$20 MILLION SPARE PARTS ORDER DEBACLE

P.1
07-21-87

P.1
08-07-87

P.2
08-07-87

P.1
08-08-87

P.2
08-08-87

P.3
08-08-87
The Coast Guard was required, unexpectedly, to place an additional $20,000,000.00 order for spare parts. This was because of the high failure rate and immensely increased but unexplained maintenance burden which was preventing the Coast Guard from meeting its operational requirements and goals.

Aerospatiale Helicopter Corporation knowingly

  • shipped and invoiced duplicate deliveries against completed orders to the government agency,

  • shipped and delivered invoices to the government agency for more than the quantities on order.

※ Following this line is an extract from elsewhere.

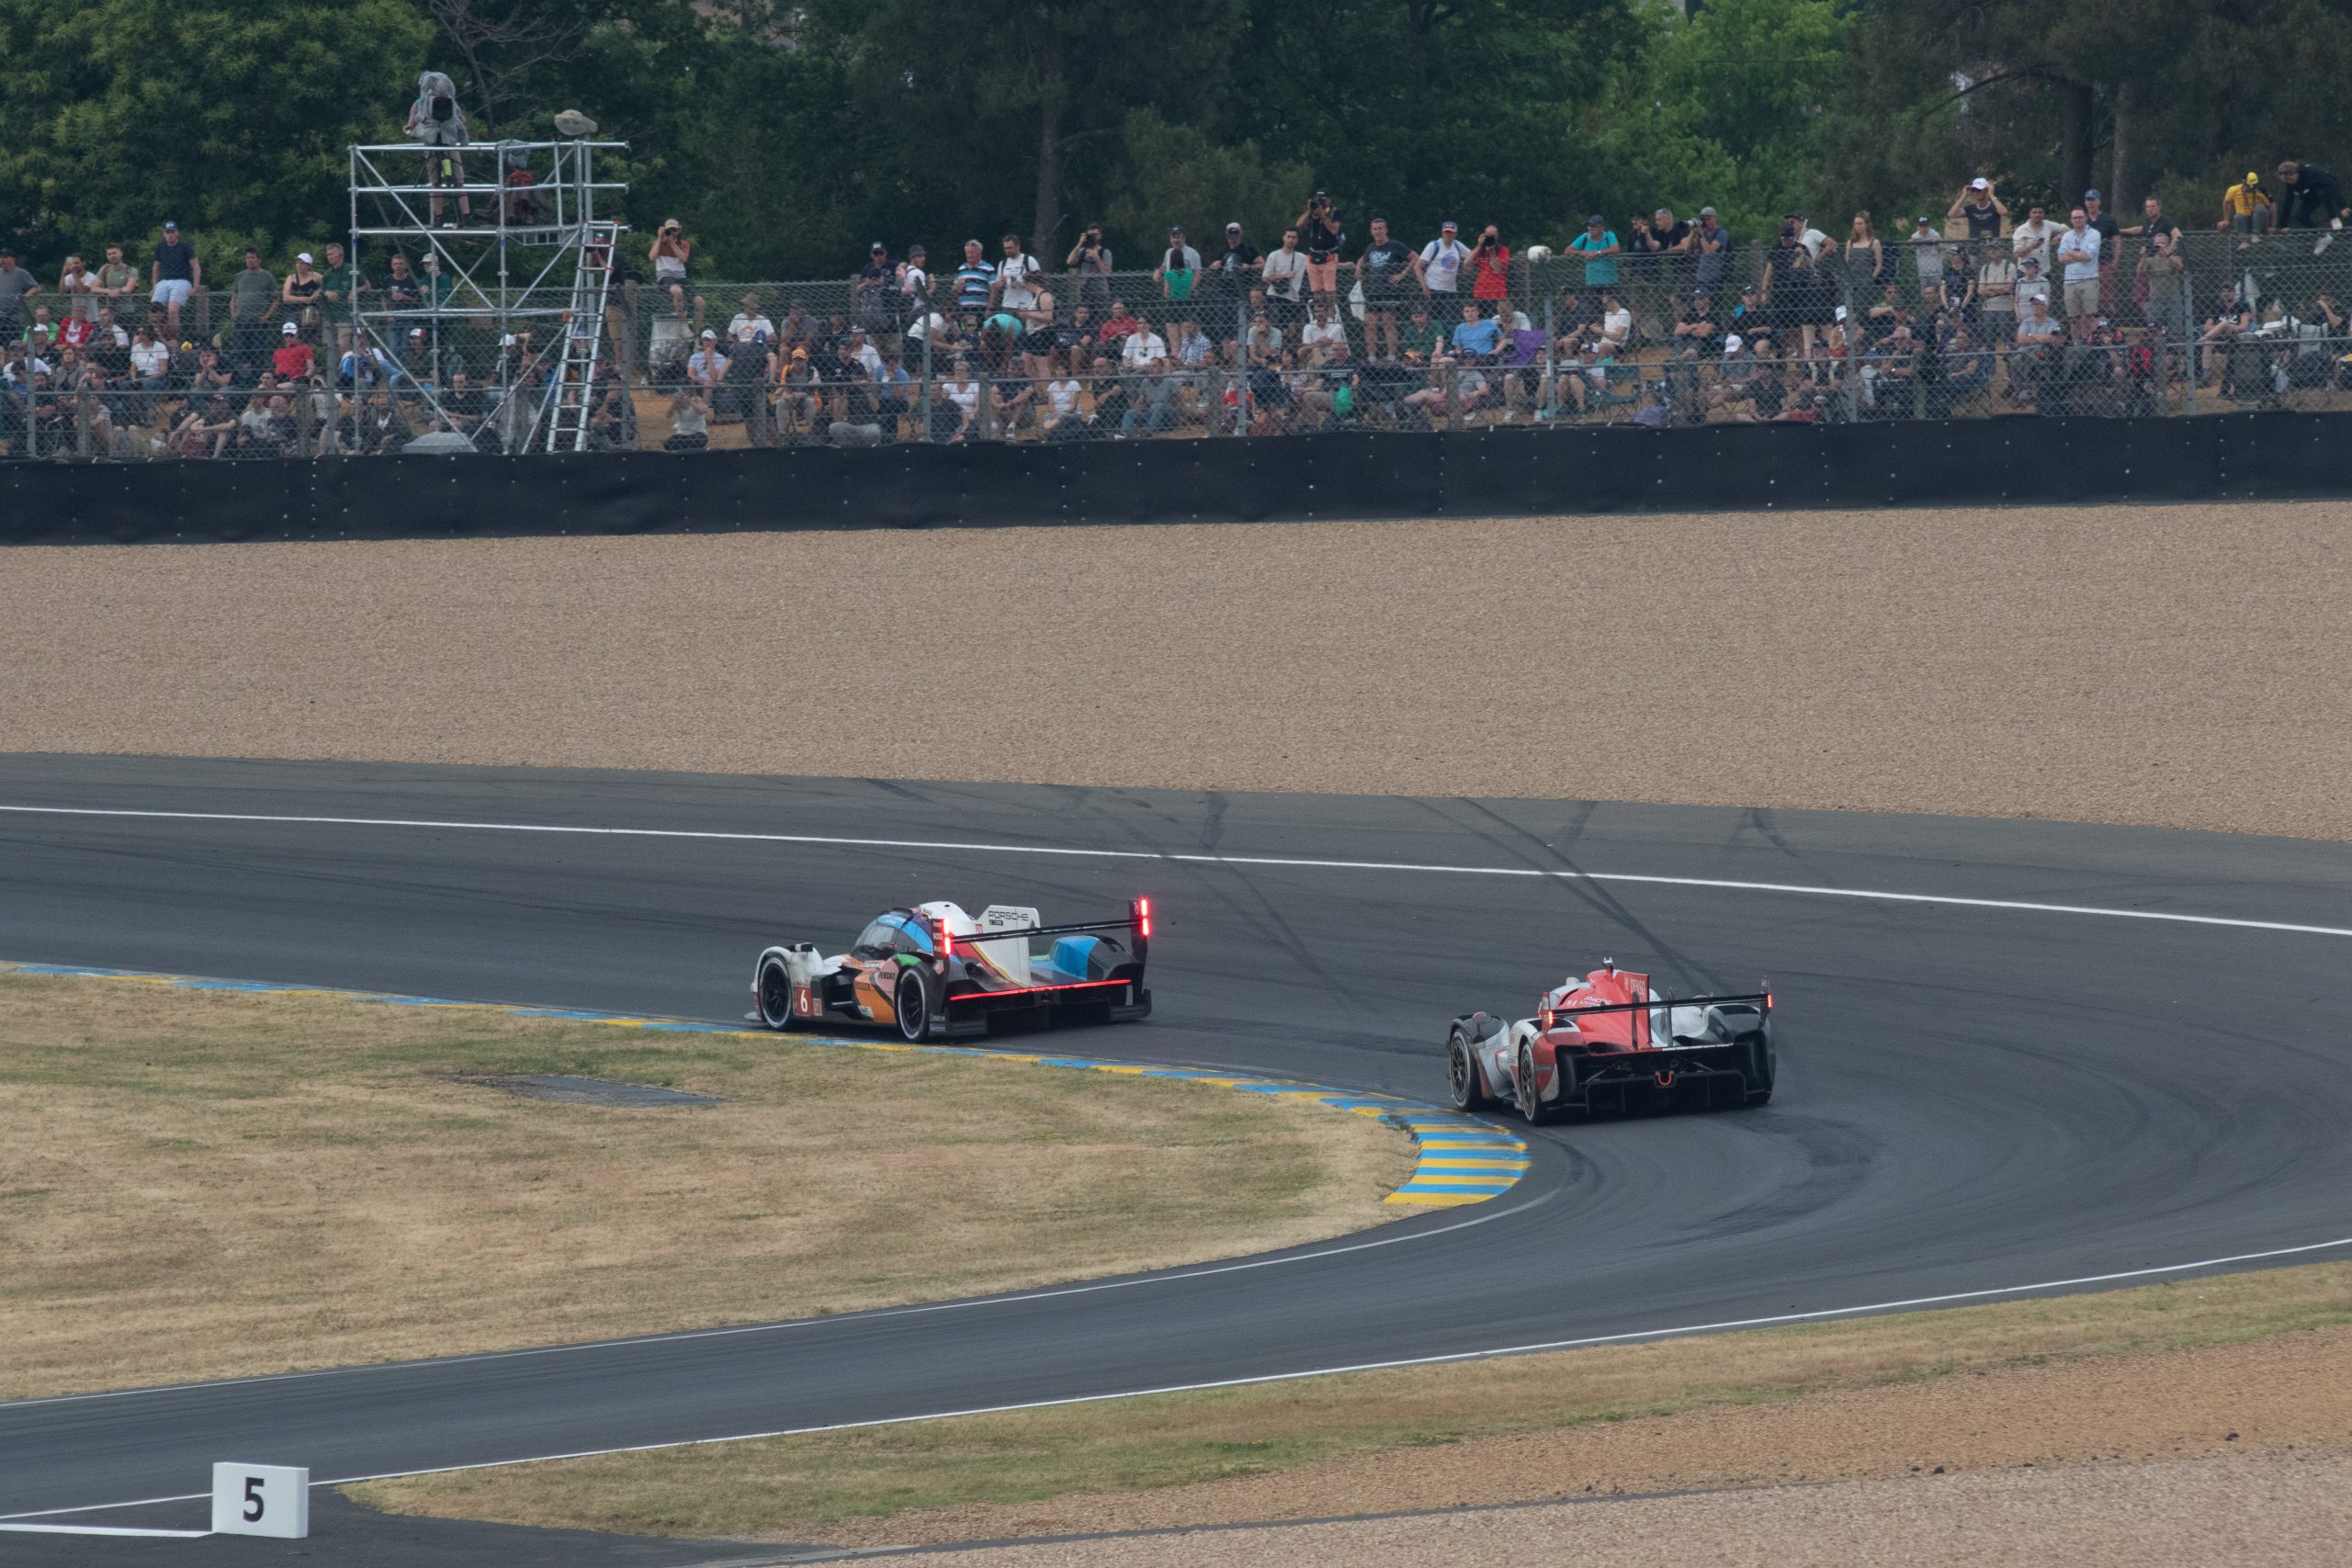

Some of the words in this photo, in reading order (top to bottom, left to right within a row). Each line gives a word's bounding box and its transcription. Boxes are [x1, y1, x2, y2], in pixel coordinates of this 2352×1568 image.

  • substituted, shipped and invoiced unapproved parts different than those on order without disclosure, explaination or government change approval.

  • AHC's parent company, ADH, was substituting and shipping parts for the entire "green ship" helicopter, just as Avco Lycoming was doing with the engine.

  • hid the fact of that they left obsoleted parts on Coast Guard shelves at 19 sites across the world which became unrecognizable within the government system of "alternate parts", "superceded parts", and "defective parts". No disclosure was made, no explaination was given for the change and no approval was requested nor received during the years that it was covertly done.

  • AHC maintained a list of the TOP 50 FAILURES, had meetings about them, but had the company and Coast Guard pilots and crews fly in these helicopters, without making them aware of the outrageous failure rates in manufacturing, production, testing and flight test.

  • Never disclosed the "Safety of Flight" failures to the FAA so other users of similar defective equipment could be warned.

ADH, AHC, and AVCO did this knowingly and intentionally. This was intentional deception and fraud on a constant basis. This was not an accident, an oversight, or an error as they claimed.

AHC kept a record of the very bad systems and items identified during production and testing and endangered everyones' lives by knowing that these systems failed horribly but systematically covered it up.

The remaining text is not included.